Remember when I mentioned how important the pacing of dialogue is? Here we are again, back at the pacing question. Pacing isn’t just important to the flow of your story, though — it’s also a tool of characterization.

When you have a character who is a ‘big talker’, it can affect the way your reader interprets the character overall, whether as an intellectual or simply a windbag. On the other hand, a character whose lines are terse and to-the-point may come across as anything from an action-oriented character to a haughty and arrogant type.

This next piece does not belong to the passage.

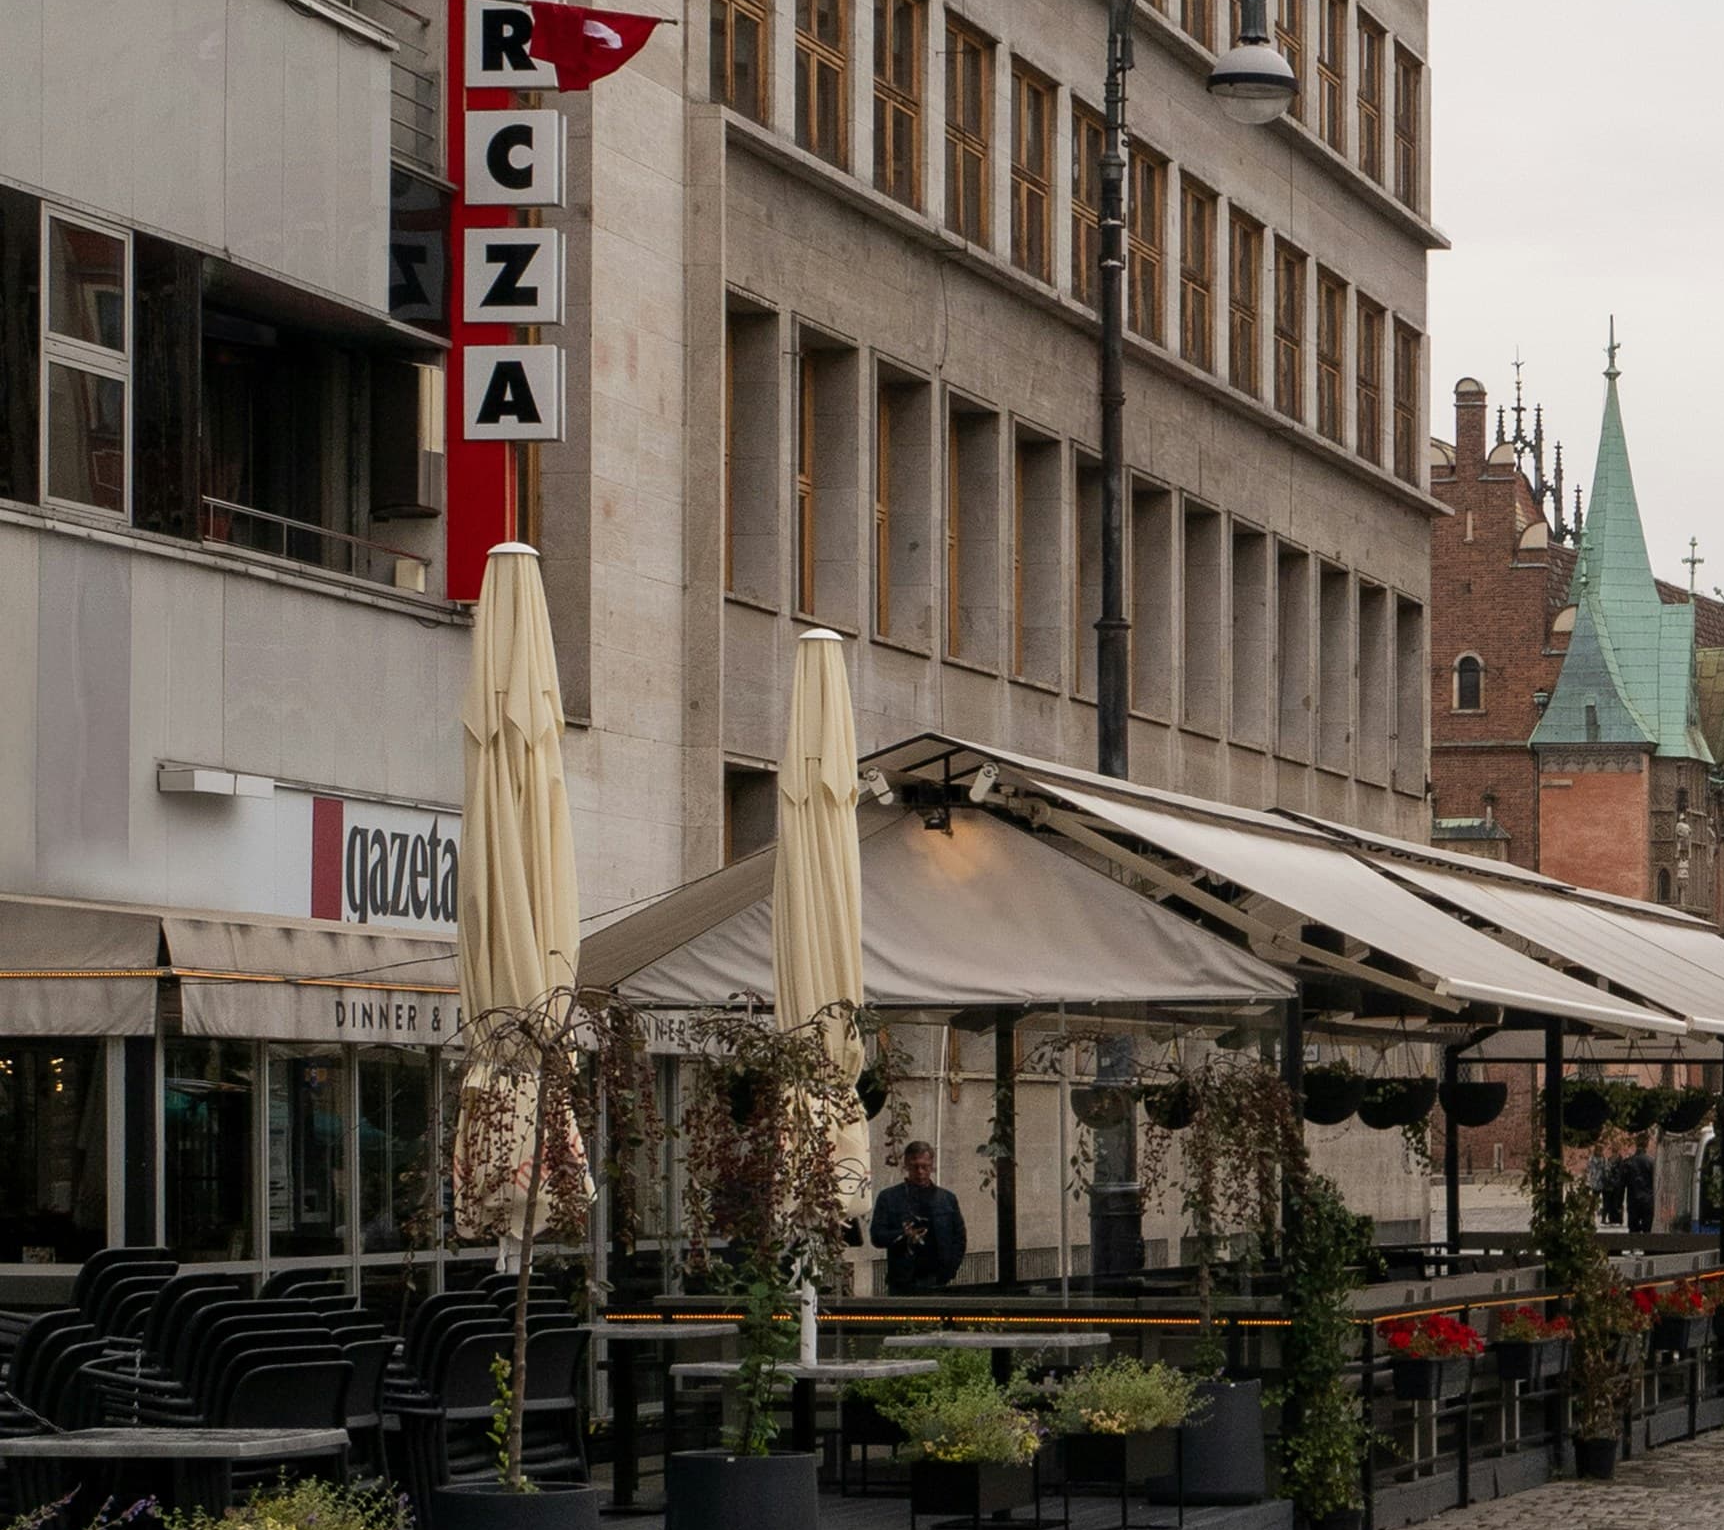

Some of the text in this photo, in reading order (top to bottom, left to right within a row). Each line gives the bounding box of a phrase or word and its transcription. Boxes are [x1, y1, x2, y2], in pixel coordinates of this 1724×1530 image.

[346, 815, 459, 924] gazeta
[335, 1000, 417, 1031] DINNER
[431, 1006, 442, 1032] &

Dialogue between those two extremes in character most usually plays out with one or the other, usually the terse one, resonating as the more dominant character — that is, of course, merely the baseline impression; the actual content of such dialogue could easily turn that impression on its ear, as could the body language depicted in concert with the dialogue.




When it comes to attribution, remember one basic rule. Dialogue stays with the character, each character gets his or her own line via hard return. It isn’t always necessary to put, for example, “Jack said” after everything Jack says. This is the reason for introducing subtle accent markers and idiosyncrasies into your characters’ respective speech patterns.


“Hey, Marce?” Jack rifled through the cutlery drawer. “Um, y’all got any forks?”

Marcy muttered as she got up from the couch, then spoke up. “You gon’ have to wash one, hun!”

“Eh… arright.”

“I be in there in a while if you wanna wait.”

“Naw, I got it.”


In the above example, attribution isn’t even required for the last two lines, because the previous lines established dialect, idiosyncrasy, and pacing. I personally avoid “said” as much as possible in attribution. Instead, I like to keep the character who is speaking in focus for his or her dialogue by attributing his or her name to an attached action, as you saw Marcy do on the second line of the above example.




In conclusion, I’d like to reiterate that the above techniques are simply techniques which I have found work for me; I hope that you discover something in them that will work for you, too. Please feel free to reach out to me with comments or questions.

Thanks for reading. Do good work, and be good to yourselves and each other.